On 24 January 2022, the ICC concluded that the price increases were in line with the increase in demand. Demand for CPO has increased due to the growth of the biodiesel industry, lower export taxes in India, and an increase of demand for fuel from abroad. The position of CPO as a global commodity has also made it difficult for domestic cooking oil producers to compete against foreign buyers. High export prices means CPO producers will not give priority to domestic buyers. Meanwhile, the ICC also stated that the current government policies have not encouraged the growth of the cooking oil industry as the regulations still limit business competition.

The ICC recommends that the Government should revoke regulations that create entry barriers for new business actors in the cooking oil industry, including local and small-medium scale business actors, to increase the number of competitors in this industry.

This case is a recent example of the ICC declining to take immediate action in response to public outcry. There have been precedents when the ICC eventually launched an investigation, such as in cases when its recommendations were not implemented by the Government.

Competition law reforms to be re-done by 2023

Competition law reforms which were passed as part of an Omnibus Law in 2020 will have to be redone after the Law was found to be unconstitutional.

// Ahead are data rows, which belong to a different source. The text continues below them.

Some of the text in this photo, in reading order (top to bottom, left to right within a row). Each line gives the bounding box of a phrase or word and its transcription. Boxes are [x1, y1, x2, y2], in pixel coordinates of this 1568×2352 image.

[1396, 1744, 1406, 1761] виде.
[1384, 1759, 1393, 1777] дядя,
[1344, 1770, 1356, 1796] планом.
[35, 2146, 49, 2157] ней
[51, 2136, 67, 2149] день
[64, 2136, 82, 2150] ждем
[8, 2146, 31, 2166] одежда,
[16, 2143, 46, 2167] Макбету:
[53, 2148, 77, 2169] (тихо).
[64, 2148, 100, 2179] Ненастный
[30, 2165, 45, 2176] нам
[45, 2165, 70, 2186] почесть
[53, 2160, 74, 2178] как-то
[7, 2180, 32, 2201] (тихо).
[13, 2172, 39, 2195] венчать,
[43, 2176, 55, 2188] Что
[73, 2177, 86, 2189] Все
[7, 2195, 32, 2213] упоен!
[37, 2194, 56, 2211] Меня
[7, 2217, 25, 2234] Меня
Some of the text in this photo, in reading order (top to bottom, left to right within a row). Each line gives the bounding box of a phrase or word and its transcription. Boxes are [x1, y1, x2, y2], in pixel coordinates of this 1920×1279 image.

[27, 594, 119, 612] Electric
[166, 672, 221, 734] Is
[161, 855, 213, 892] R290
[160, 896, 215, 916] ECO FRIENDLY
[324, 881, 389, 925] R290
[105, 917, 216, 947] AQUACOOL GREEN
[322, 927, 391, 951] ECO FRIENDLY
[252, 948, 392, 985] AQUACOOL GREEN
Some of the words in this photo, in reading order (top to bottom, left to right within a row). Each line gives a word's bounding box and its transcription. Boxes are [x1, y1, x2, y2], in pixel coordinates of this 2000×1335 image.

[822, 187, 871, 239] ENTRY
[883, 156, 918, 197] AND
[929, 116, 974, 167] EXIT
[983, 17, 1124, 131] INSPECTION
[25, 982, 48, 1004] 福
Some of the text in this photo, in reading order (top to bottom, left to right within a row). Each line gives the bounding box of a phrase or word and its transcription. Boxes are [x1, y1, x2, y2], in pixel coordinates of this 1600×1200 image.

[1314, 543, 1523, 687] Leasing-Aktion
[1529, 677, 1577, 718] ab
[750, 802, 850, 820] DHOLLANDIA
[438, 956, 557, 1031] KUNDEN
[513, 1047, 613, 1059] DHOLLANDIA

On 3 December 2021, the Indonesian Constitutional Court ruled that the 2020 Omnibus Law on Job Creation was conditionally unconstitutional on the ground that the process by which it was drafted violated the Constitution. The Government has been given two years to "re-do" the legislation of this law, this time in compliance with constitutional guarantees, among others by ensuring appropriate level of public participation. In the meantime, the Omnibus Law will continue to be in force. The Court ruled that if the Government does not implement this remedy as required, the Laws which were replaced by the Omnibus Law will come back into force so there will be no legal vacuum.

By way of background, the Omnibus Law revised some provisions of the Indonesian Competition Law. Among other things, it increased the maximum fine for violation of Competition Law. Previously this was set at IDR 25 billion. Now, fine may be imposed up to a maximum of either 50% of profit or 10% of revenue in the relevant market. It also abolished criminal liability for violation of Competition Law, except for obstruction of justice. If the Government fails to properly redo the Omnibus Law by 2023, these revisions will be undone. Financial risk for violations will be decreased while the risk of criminal liability will return.

Currently, there is no indication of any political will to substantially revise the Omnibus Law. Nevertheless, given the Constitutional Court's order to increase public participation, we may see pressure on the Government to revise the substance of the Law, including provisions relating to the Competition Law.